## TASK TO CARRY OUT
Take the line that has "this 2000×1335 image." and all the lines that come after it in the records, and write them out again exactly. Add no other line.

Image-backed grounding data

┄┄┄┄┄┄┄┄┄┄

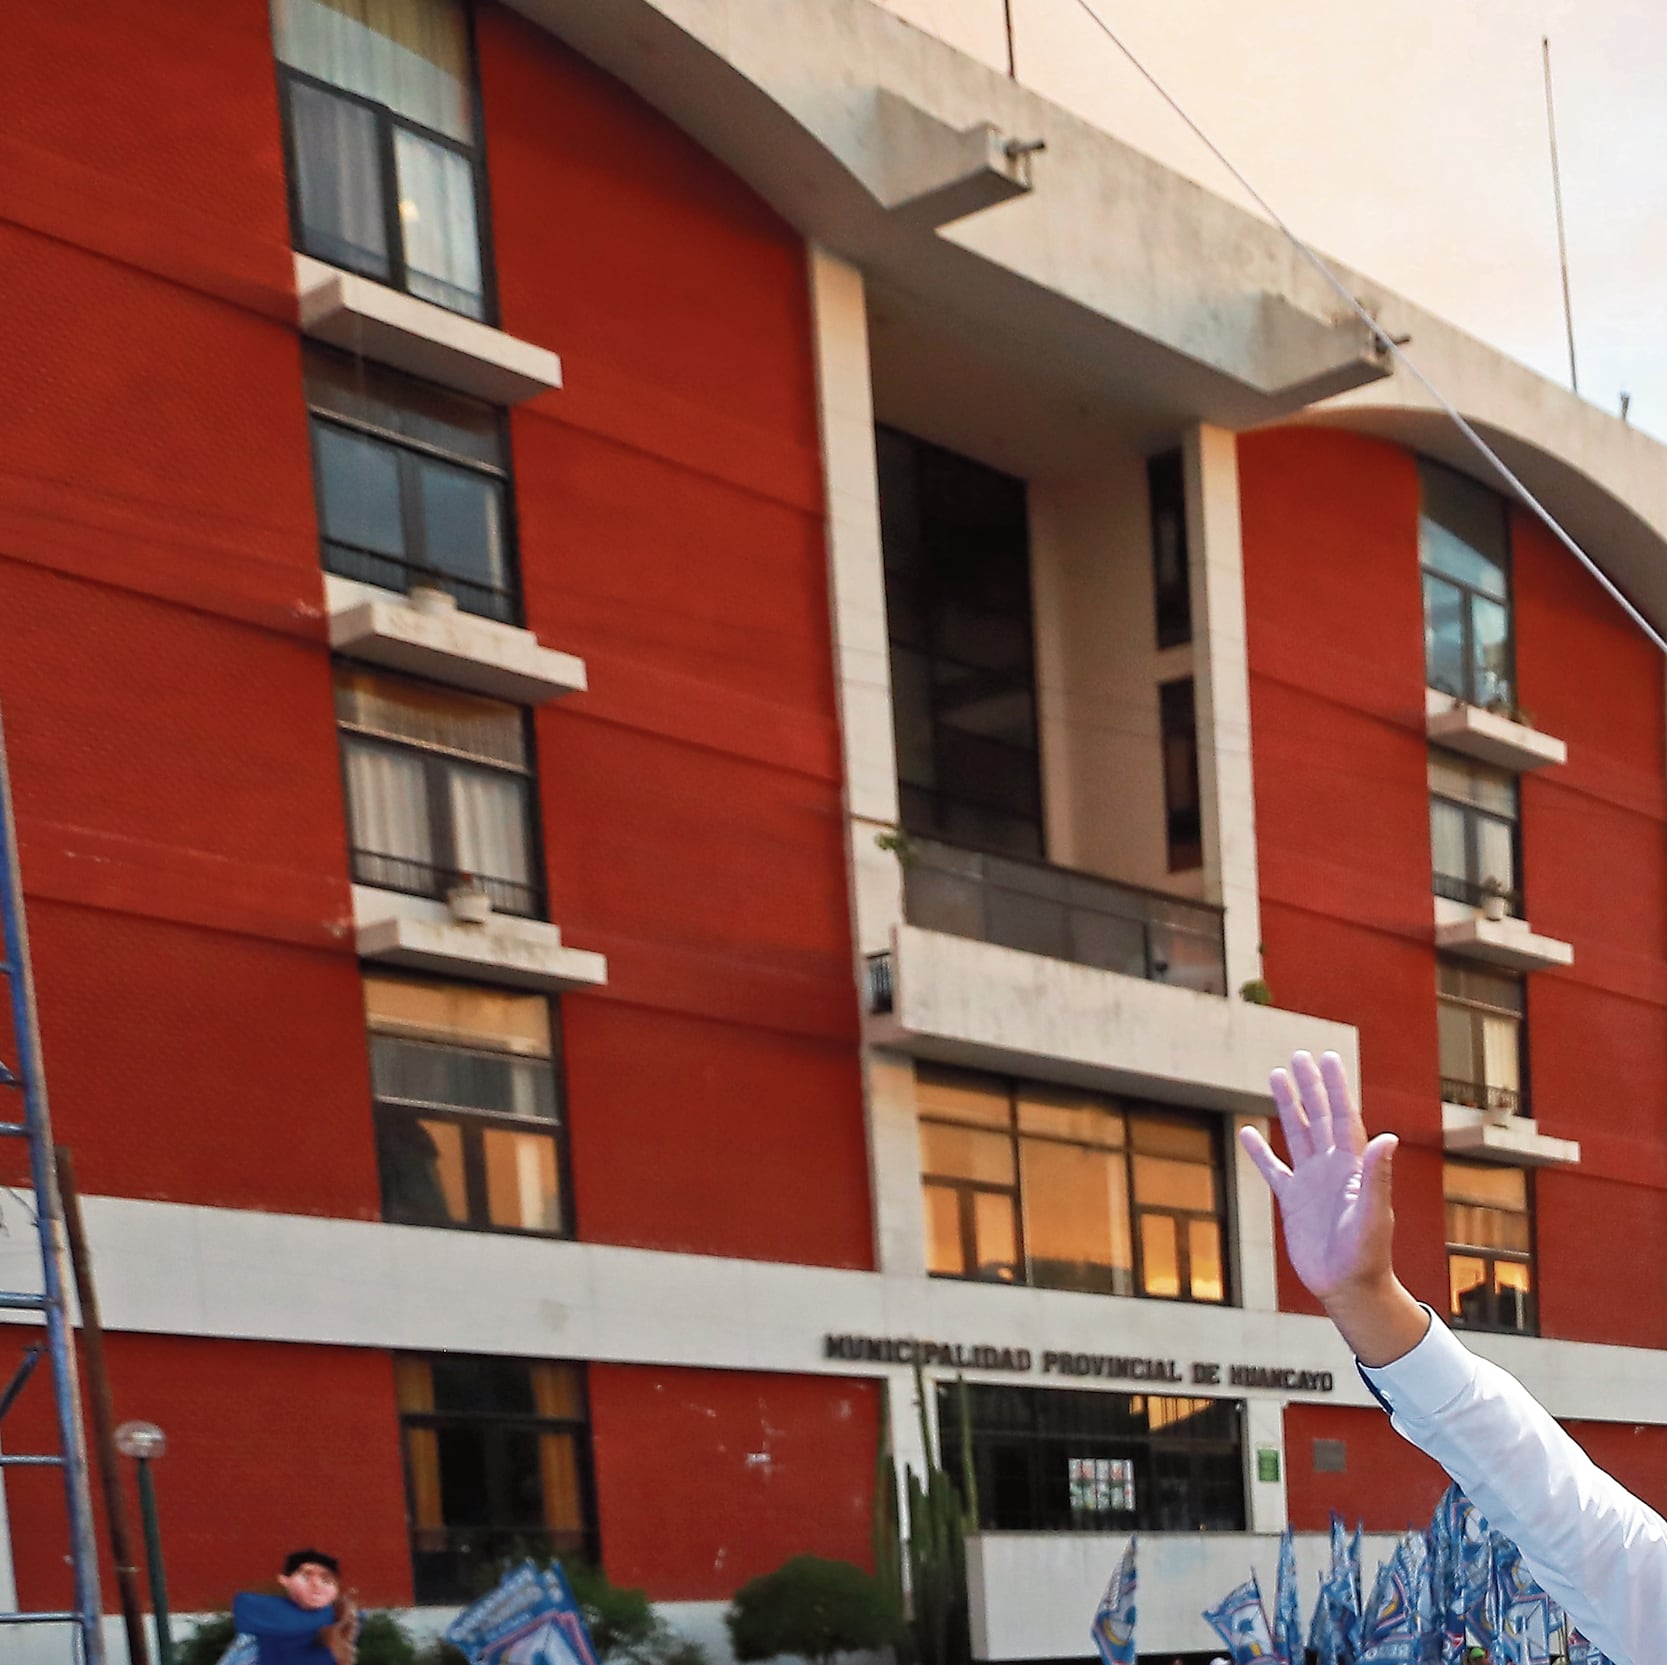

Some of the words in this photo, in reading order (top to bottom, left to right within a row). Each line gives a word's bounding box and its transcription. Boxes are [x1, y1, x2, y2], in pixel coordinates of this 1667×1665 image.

[824, 1334, 1032, 1370] MUNICIPALIDAD
[1043, 1350, 1182, 1384] PROVINCIAL
[1191, 1361, 1221, 1385] DE
[1230, 1364, 1334, 1392] HUANCAYO
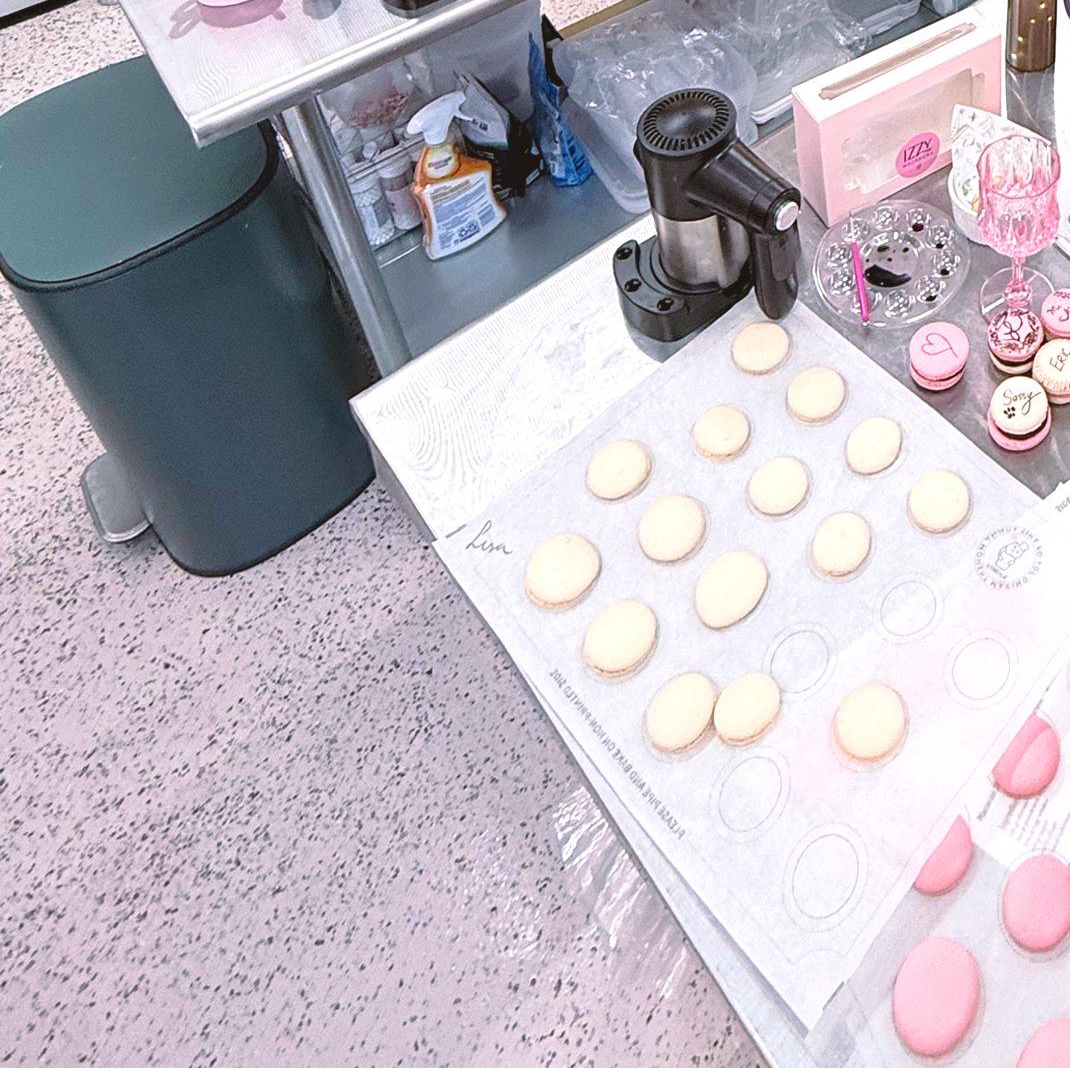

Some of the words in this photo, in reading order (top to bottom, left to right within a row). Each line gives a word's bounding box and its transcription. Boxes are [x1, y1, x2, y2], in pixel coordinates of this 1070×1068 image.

[903, 138, 932, 162] IZZY
[1050, 348, 1070, 372] ERIC
[1002, 389, 1042, 415] Sassy
[465, 520, 513, 555] Lisa
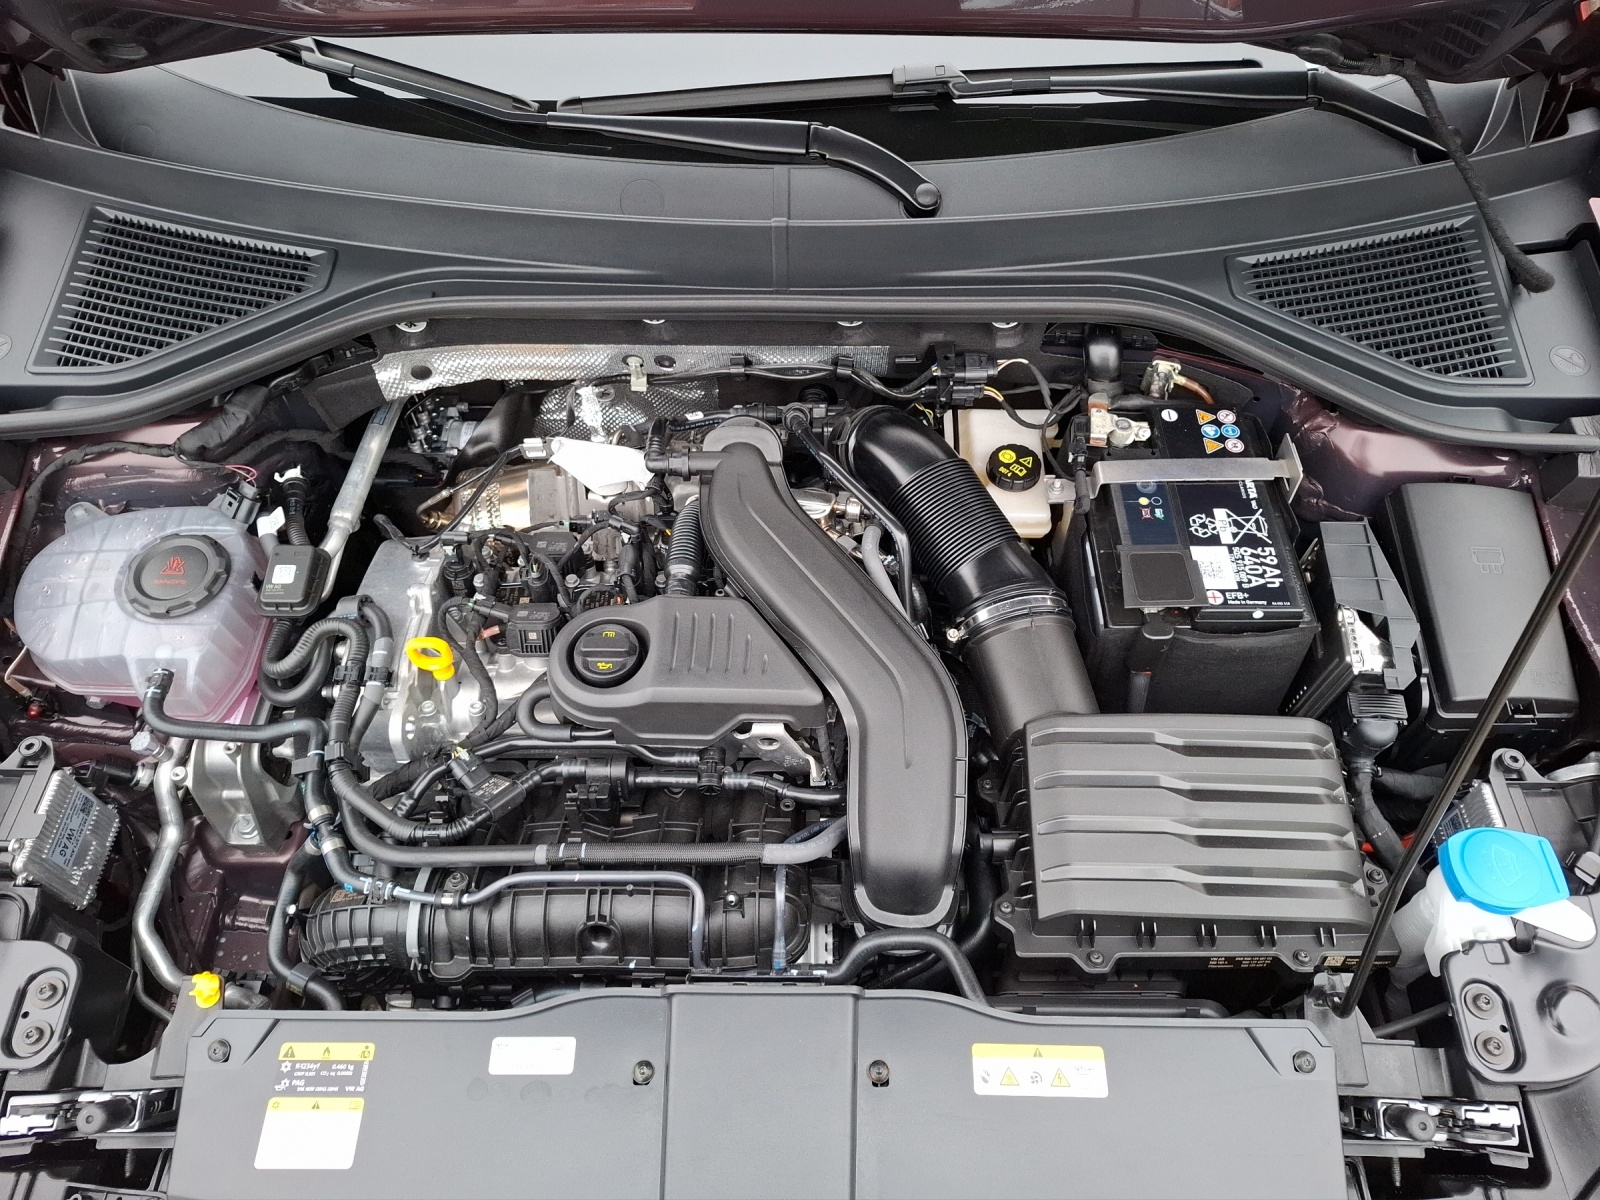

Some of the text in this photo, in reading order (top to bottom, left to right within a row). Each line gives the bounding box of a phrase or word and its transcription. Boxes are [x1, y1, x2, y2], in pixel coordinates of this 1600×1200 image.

[999, 466, 1009, 474] DOT
[1245, 480, 1258, 499] ARTA
[1241, 547, 1266, 588] 640A
[1258, 547, 1283, 588] 59Ah
[1225, 592, 1249, 600] EFB+
[59, 828, 77, 858] VW AG
[295, 1063, 321, 1071] R-1234yf
[347, 1063, 354, 1071] kg
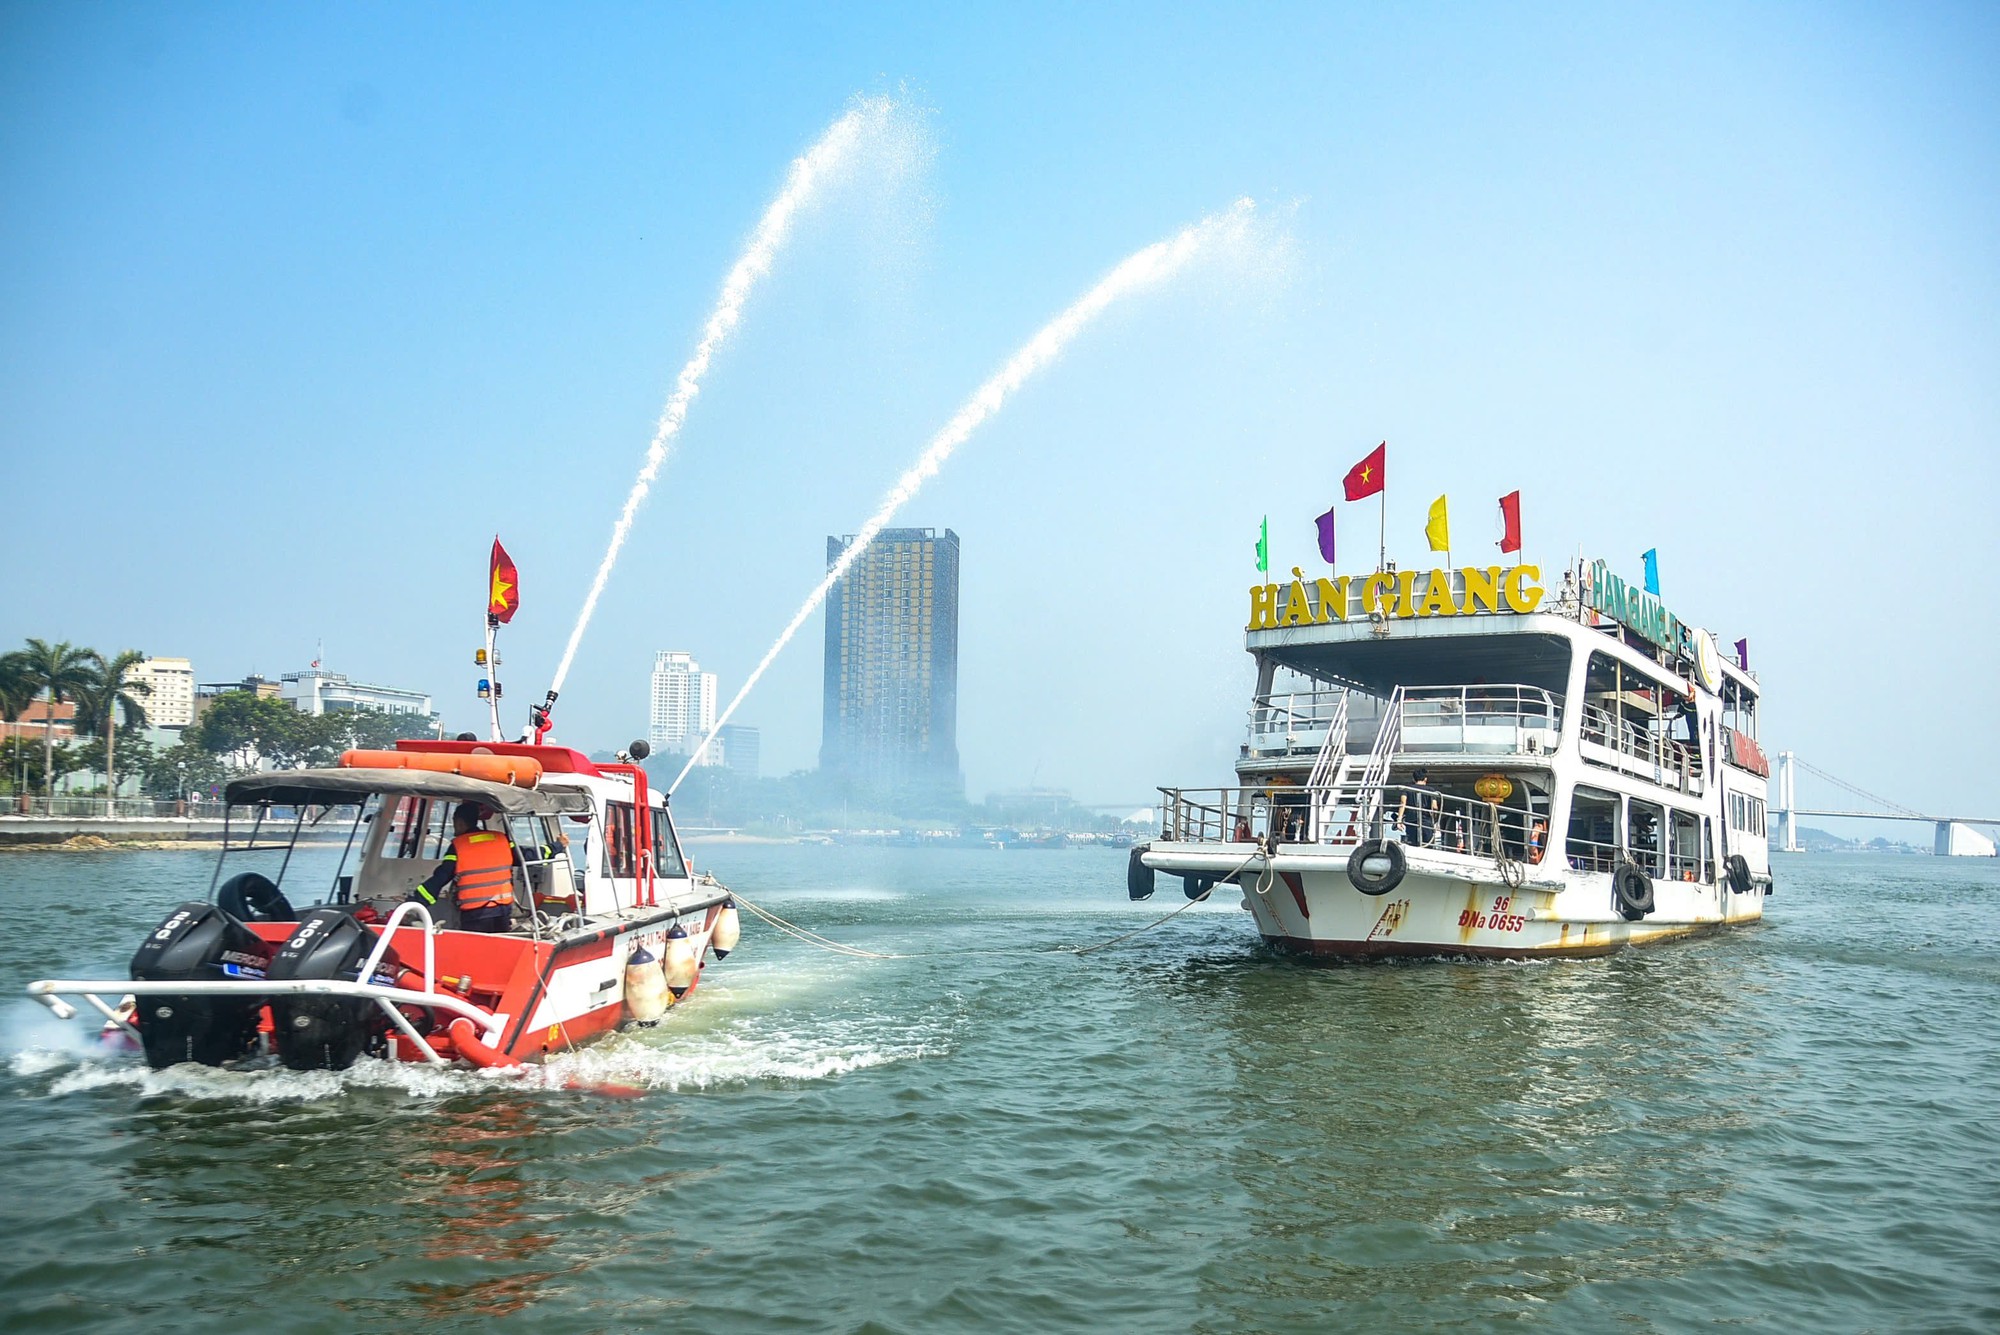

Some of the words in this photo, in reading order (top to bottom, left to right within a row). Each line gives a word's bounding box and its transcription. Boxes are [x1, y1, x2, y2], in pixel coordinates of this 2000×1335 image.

[1249, 567, 1351, 630] HÀN
[1362, 564, 1544, 618] GIANG
[1493, 895, 1510, 911] 96
[155, 911, 191, 940] 200
[290, 919, 324, 949] 200
[1458, 910, 1486, 929] ĐNa
[1488, 913, 1525, 933] 0655
[221, 950, 269, 968] MERCUR

┄┄┄┄┄┄┄┄┄┄

## RESULT OF THE TASK
Some of the words in this photo, in reading order (top to bottom, left to right within a row). Each line gives a word's bounding box and its transcription. Boxes are [x1, y1, x2, y2], in pixel coordinates of this 2000×1335 image.

[1249, 567, 1351, 630] HÀN
[1362, 564, 1544, 618] GIANG
[1493, 895, 1510, 911] 96
[155, 911, 191, 940] 200
[290, 919, 324, 949] 200
[1458, 910, 1486, 929] ĐNa
[1488, 913, 1525, 933] 0655
[221, 950, 269, 968] MERCUR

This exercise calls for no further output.